(ACTION ITEM)
Each entry below should be returned exactly as is, with the pictures removed.

(DATA UNDER STUDY)
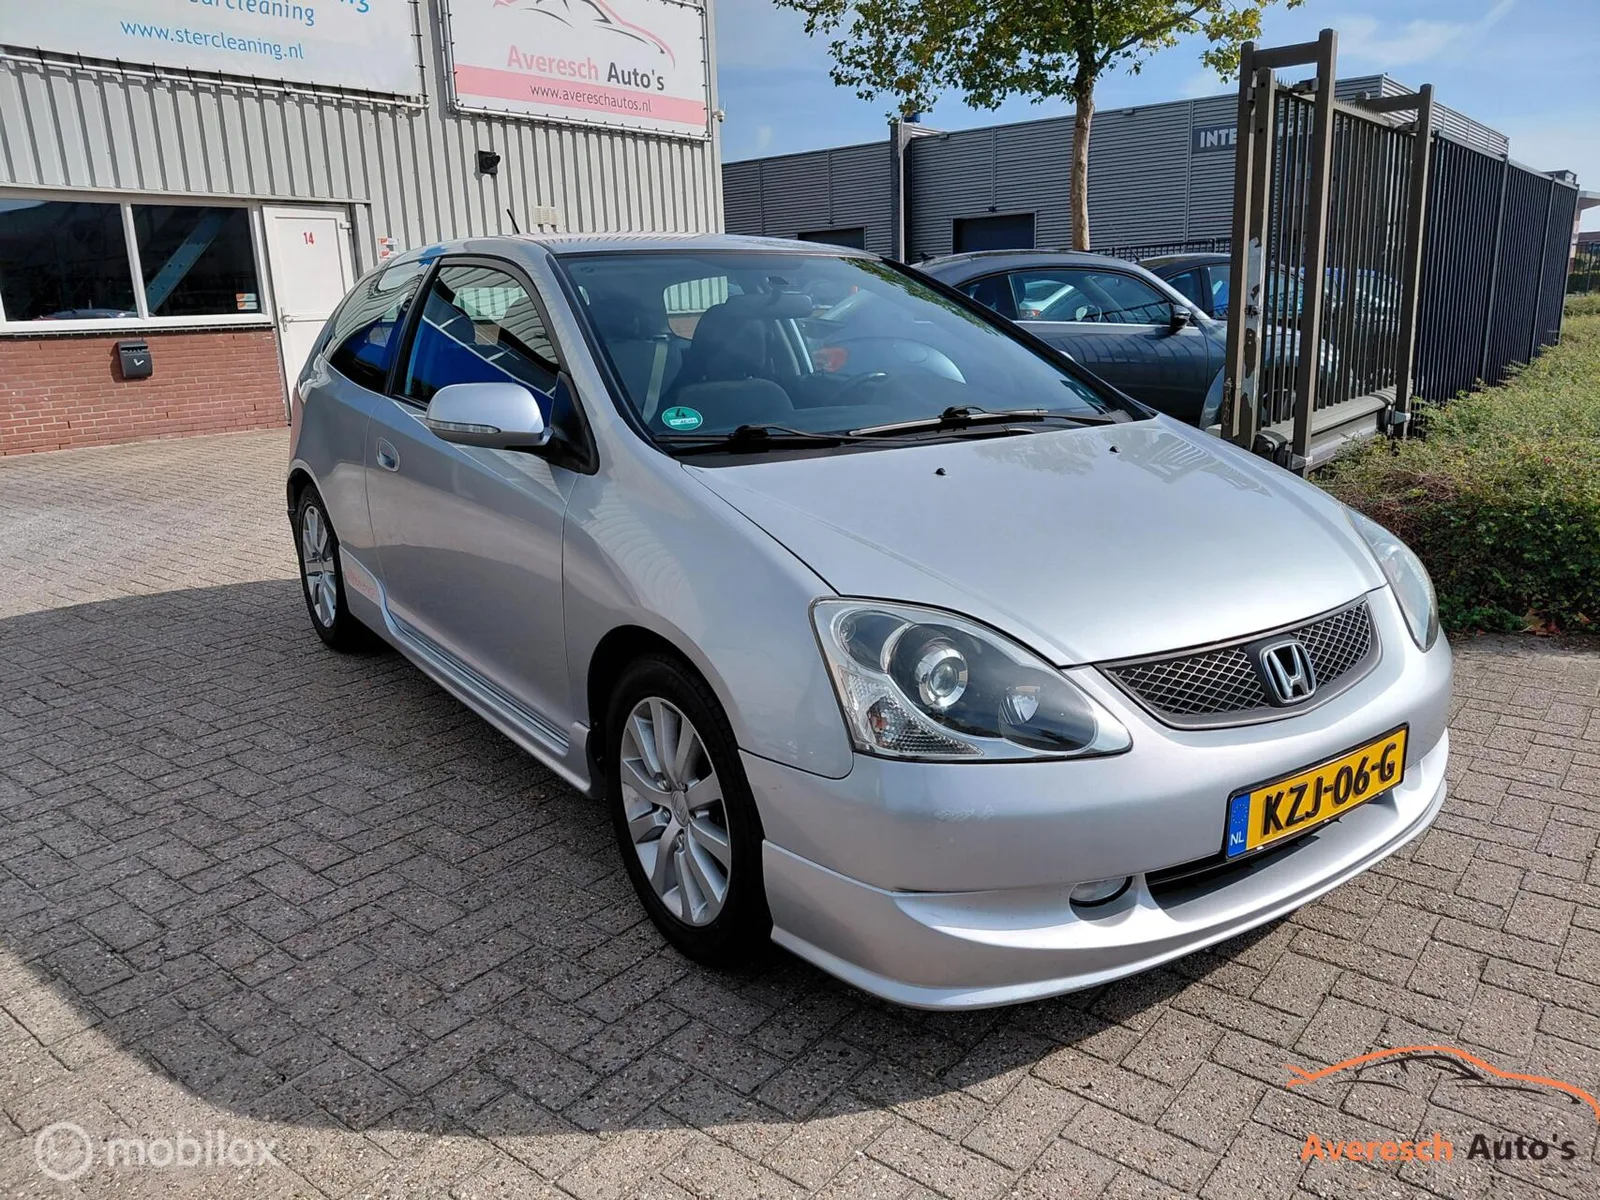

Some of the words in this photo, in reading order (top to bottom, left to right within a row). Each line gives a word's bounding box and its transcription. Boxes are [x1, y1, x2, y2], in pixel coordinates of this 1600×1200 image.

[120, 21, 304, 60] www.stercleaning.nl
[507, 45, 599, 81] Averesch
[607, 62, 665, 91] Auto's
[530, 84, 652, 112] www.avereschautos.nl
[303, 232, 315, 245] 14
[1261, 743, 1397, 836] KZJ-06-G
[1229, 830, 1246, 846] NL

(REPLY)
Some of the words in this photo, in reading order (top to bottom, left to right within a row). Each line gives a word's bounding box and its transcription. Boxes are [x1, y1, x2, y2], in pixel coordinates of this 1600×1200 image.

[120, 21, 304, 60] www.stercleaning.nl
[507, 45, 599, 81] Averesch
[607, 62, 665, 91] Auto's
[530, 84, 652, 112] www.avereschautos.nl
[303, 232, 315, 245] 14
[1261, 743, 1397, 836] KZJ-06-G
[1229, 830, 1246, 846] NL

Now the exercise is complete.